For a year and a half, without much reprieve, our lives were fear, fight and famine. The abuse was severe, and unlike anything I could easily describe. In their drunken stupors, my step-monster beat my mother ruthlessly and my sister near as much. He only raped me and tried to make me watch the abuse of my sister. Not long after we arrived, I began to protect my sister and my mother physically. I was 11 the first time I realized that I could kill someone, my stepfather, if given the chance.
We were finally removed from her care and returned to our grandparents, just like they always knew we would.
Almost daily, my grandma called me worthless, evil, an alcoholic (I don't drink at all, never have), and began holding things against me that I said when I was five years old. My grandma, my aunt and my uncle told me how pissed off they were at my parents for screwing me up, and how angry and sociopathic I was. At the same time my grandma imposed rules I could not follow and standards so impossible, the stress grew beyond my capabilities to cope with. A person can only deal with life or death stress for so long before they break.
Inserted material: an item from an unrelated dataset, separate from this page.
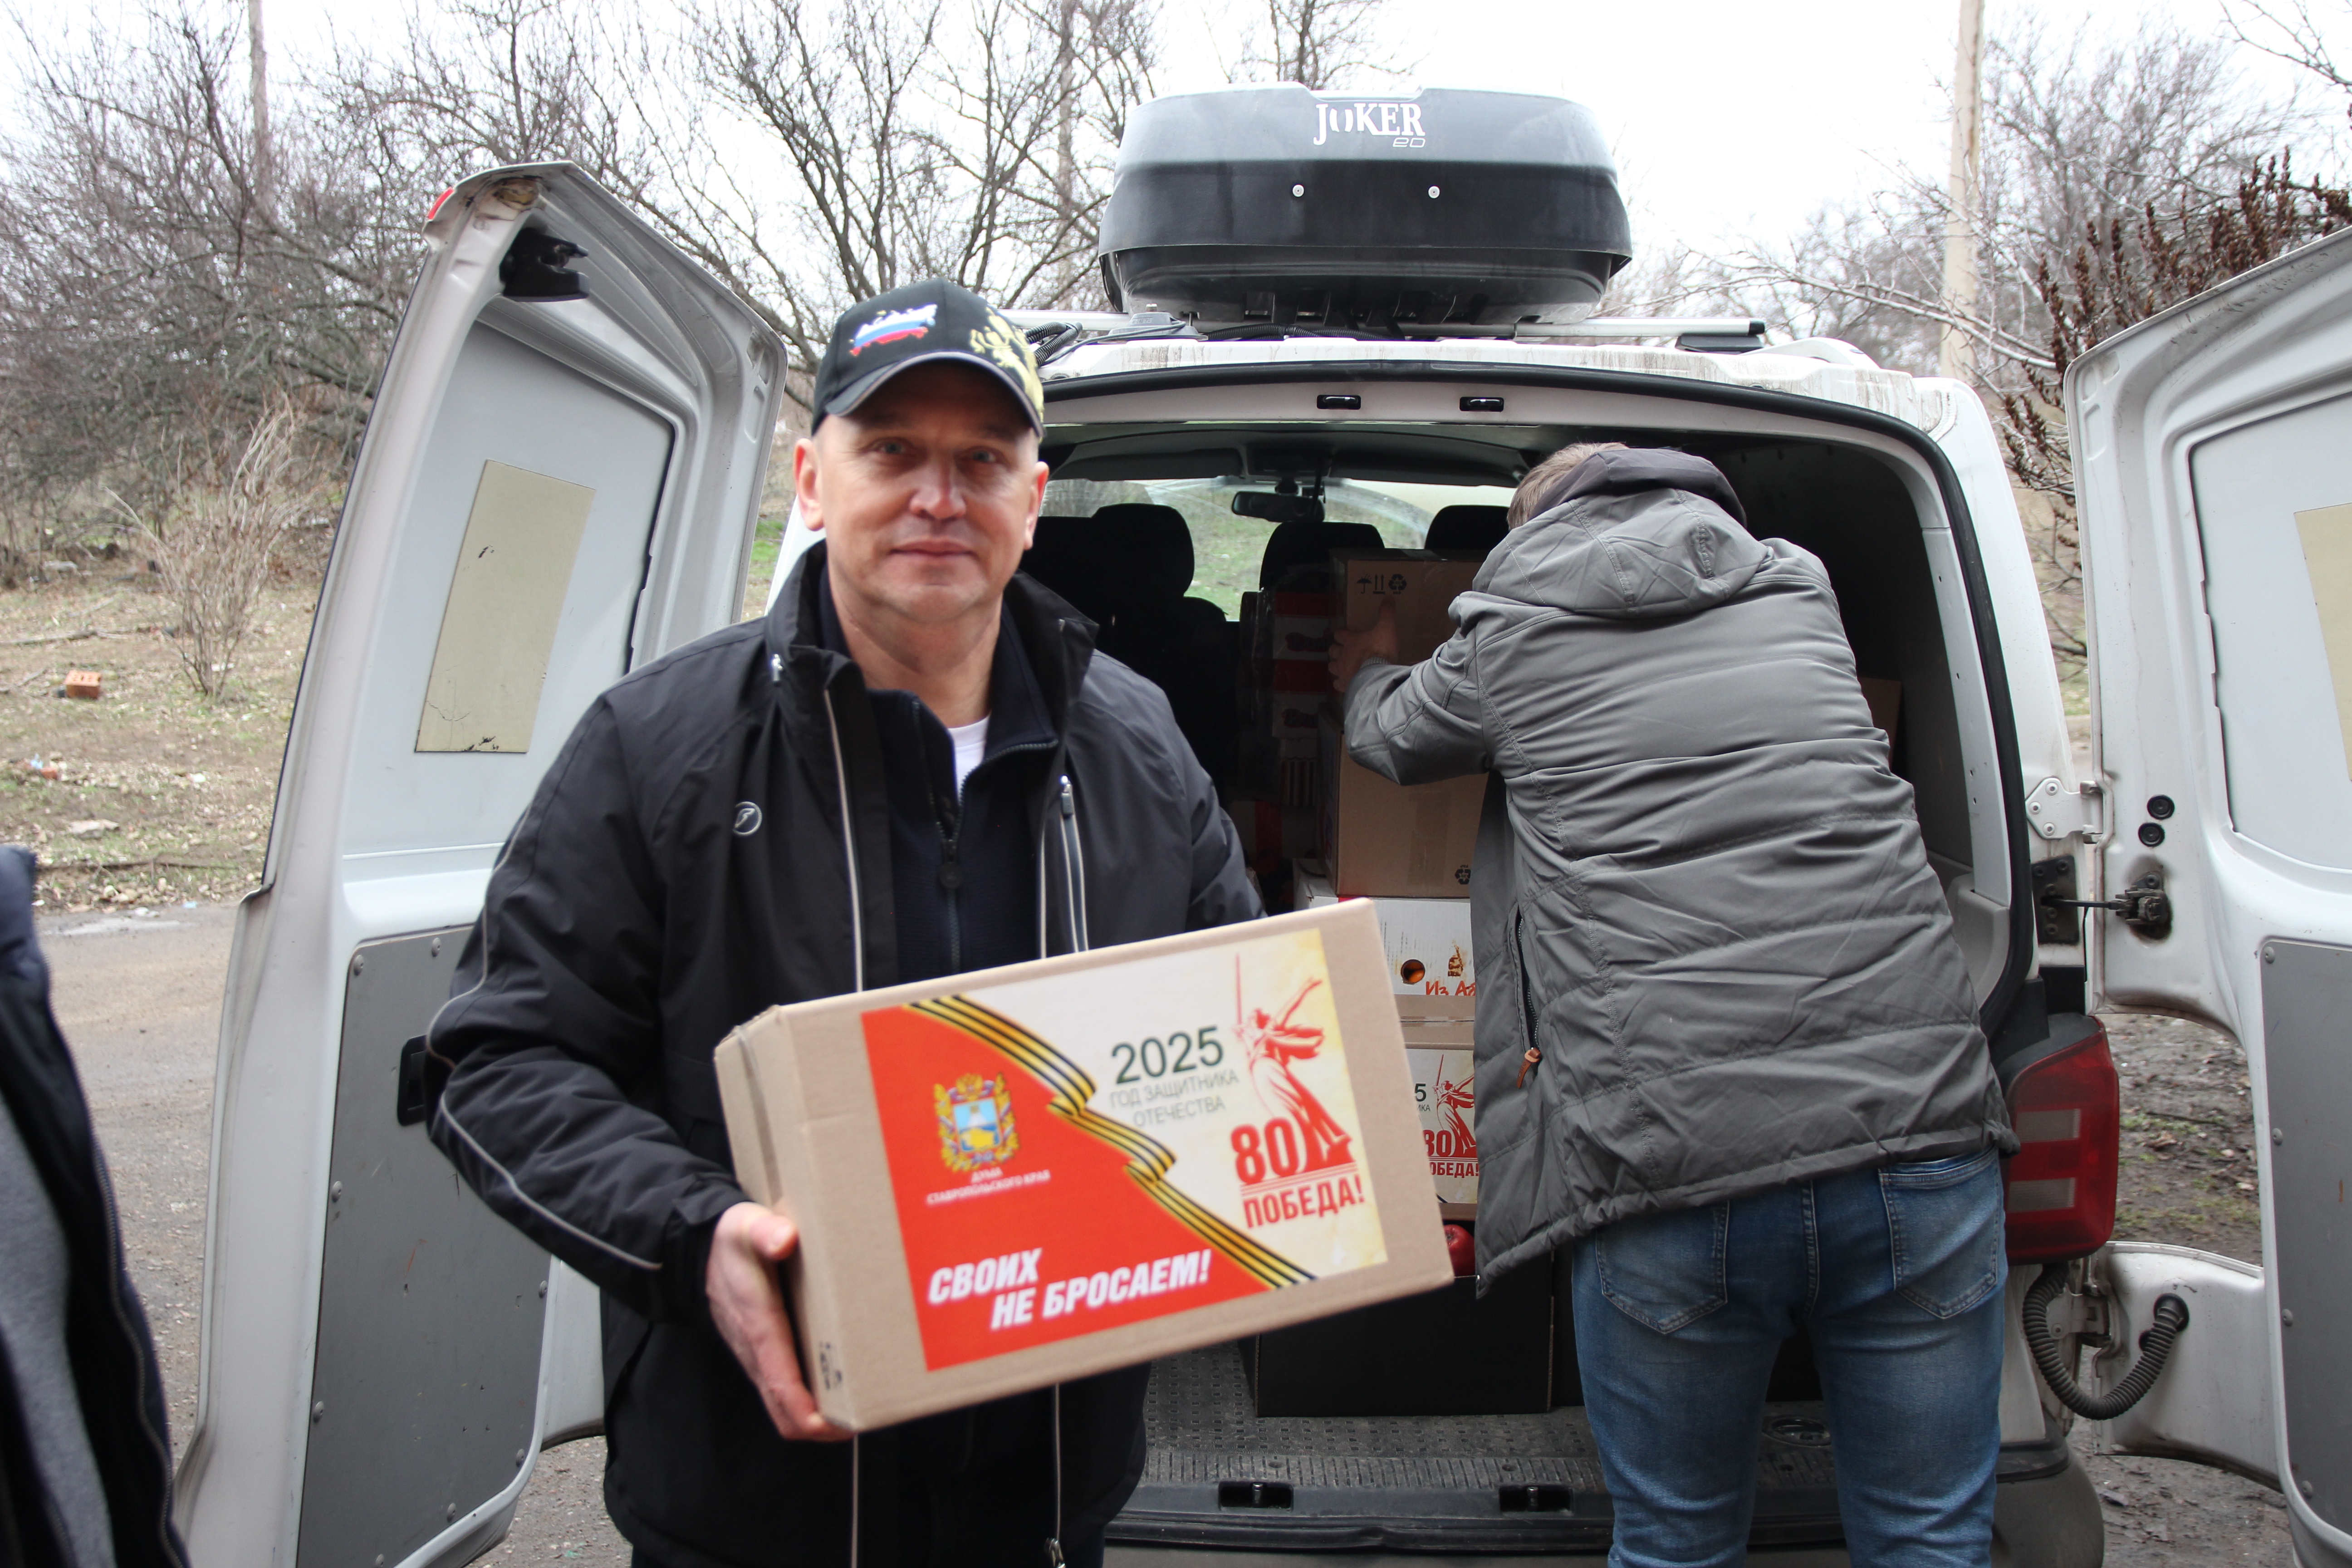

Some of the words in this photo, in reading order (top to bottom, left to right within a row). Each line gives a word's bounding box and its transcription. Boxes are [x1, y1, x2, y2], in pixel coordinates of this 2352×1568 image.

I knew what being returned to my mother would mean, and that I couldn't keep it up. I moved in with my abusive boyfriend when I was 14, and before I turned 15, I was bouncing around the foster care system. My sister followed about a year later and we were reunited.
My aunt continued to tell me how I abandoned my cousin. I didn't call enough. I never told her where I was or what I was doing. I didn't go to birthday parties or try to keep her in mind. When we were sent away, we were poor and didn't have long distance service. Most days we ran for our lives to anywhere that would put us up for the night and once I entered foster care, I had little control over whom or when I could call anyone. I had no control over visitation.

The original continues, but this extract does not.